**Excerpted data**
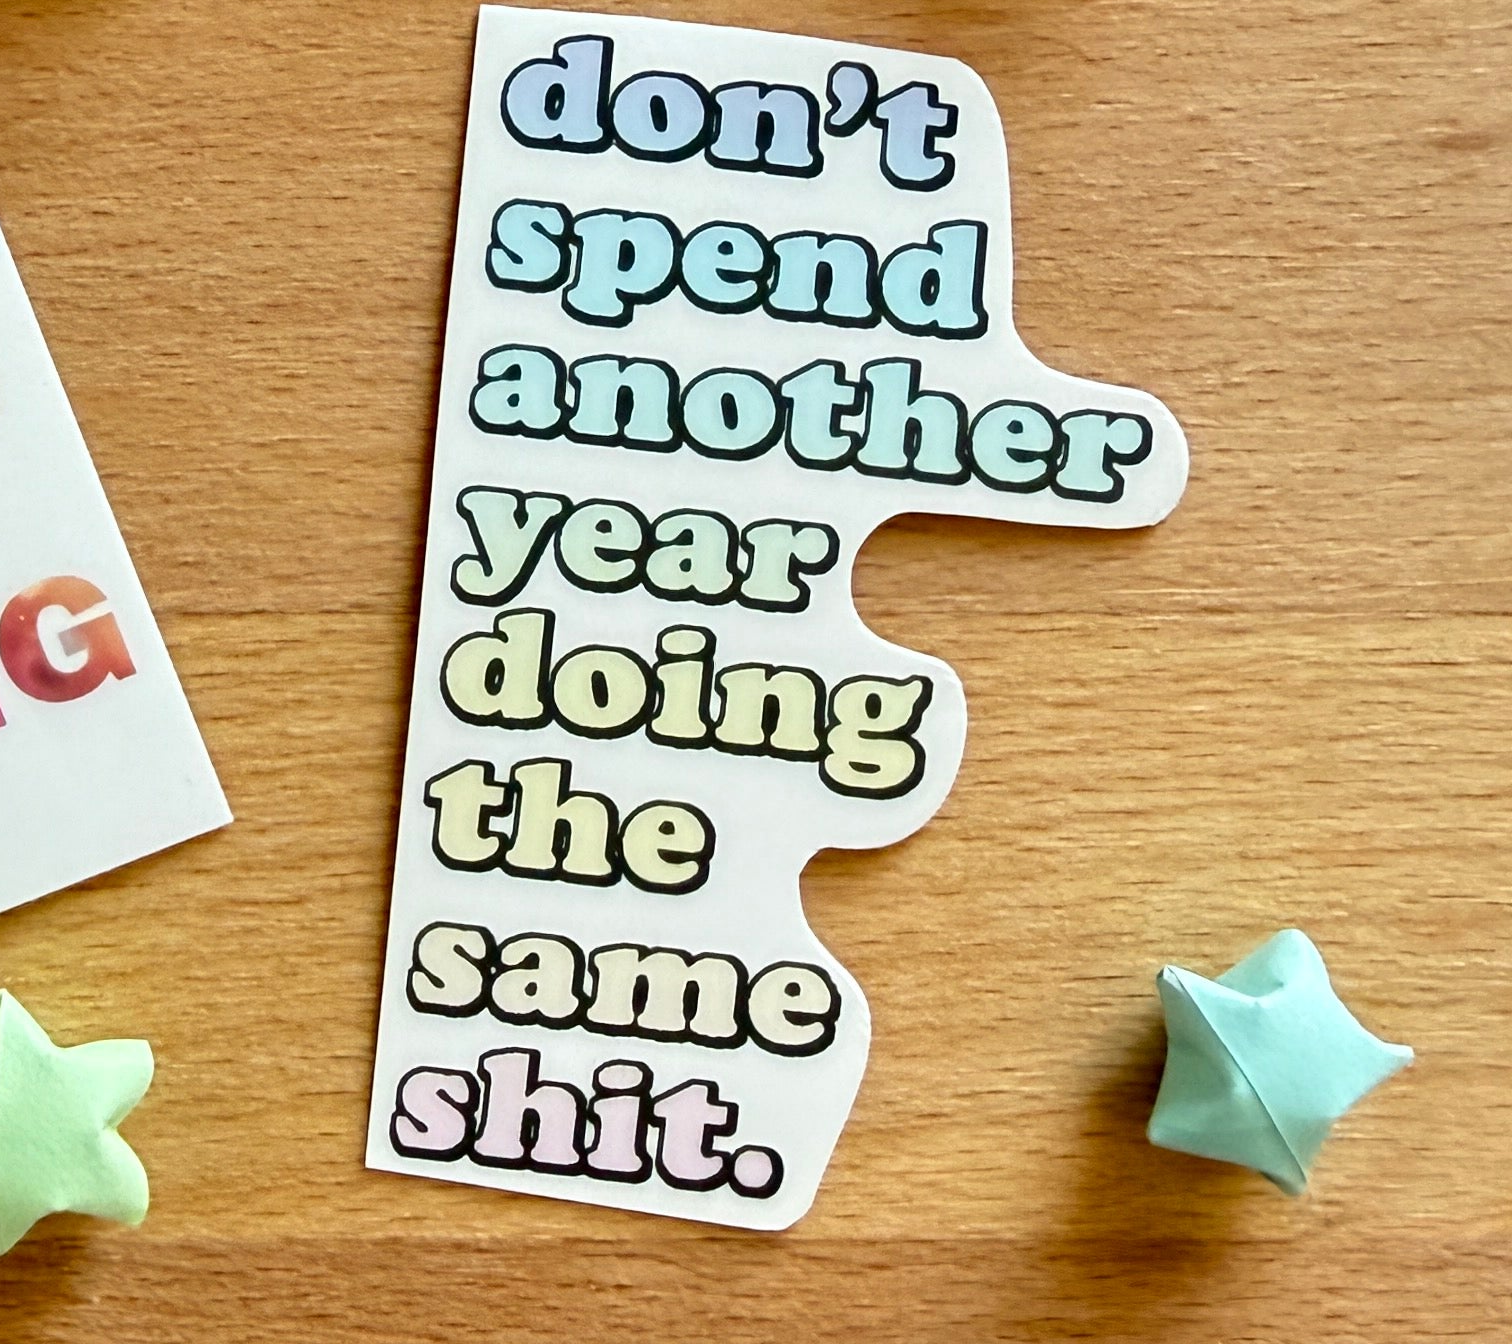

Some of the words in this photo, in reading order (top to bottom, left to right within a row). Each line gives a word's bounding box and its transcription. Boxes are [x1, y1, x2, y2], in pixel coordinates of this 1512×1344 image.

[501, 35, 958, 191] don’t
[488, 198, 988, 339] spend
[469, 343, 1152, 503] another
[451, 486, 839, 612] year
[441, 607, 932, 798] doing
[424, 757, 716, 894] the
[406, 921, 841, 1056] same
[390, 1047, 784, 1199] shit.

**Directions for this task**
Print the records above again exactly. Leave out the images.

**Response area**
Some of the words in this photo, in reading order (top to bottom, left to right within a row). Each line gives a word's bounding box and its transcription. Boxes are [x1, y1, x2, y2], in pixel coordinates of this 1512×1344 image.

[501, 35, 958, 191] don’t
[488, 198, 988, 339] spend
[469, 343, 1152, 503] another
[451, 486, 839, 612] year
[441, 607, 932, 798] doing
[424, 757, 716, 894] the
[406, 921, 841, 1056] same
[390, 1047, 784, 1199] shit.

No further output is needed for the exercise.